About this exercise> Each entry that follows must be output without any deviation.

***

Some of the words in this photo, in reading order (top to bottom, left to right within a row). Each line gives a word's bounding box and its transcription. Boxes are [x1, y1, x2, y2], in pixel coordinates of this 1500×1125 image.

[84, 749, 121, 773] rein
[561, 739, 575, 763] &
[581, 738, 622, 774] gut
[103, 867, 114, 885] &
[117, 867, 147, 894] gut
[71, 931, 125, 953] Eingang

***

The completed task>
Some of the words in this photo, in reading order (top to bottom, left to right within a row). Each line gives a word's bounding box and its transcription. Boxes are [x1, y1, x2, y2], in pixel coordinates of this 1500×1125 image.

[84, 749, 121, 773] rein
[561, 739, 575, 763] &
[581, 738, 622, 774] gut
[103, 867, 114, 885] &
[117, 867, 147, 894] gut
[71, 931, 125, 953] Eingang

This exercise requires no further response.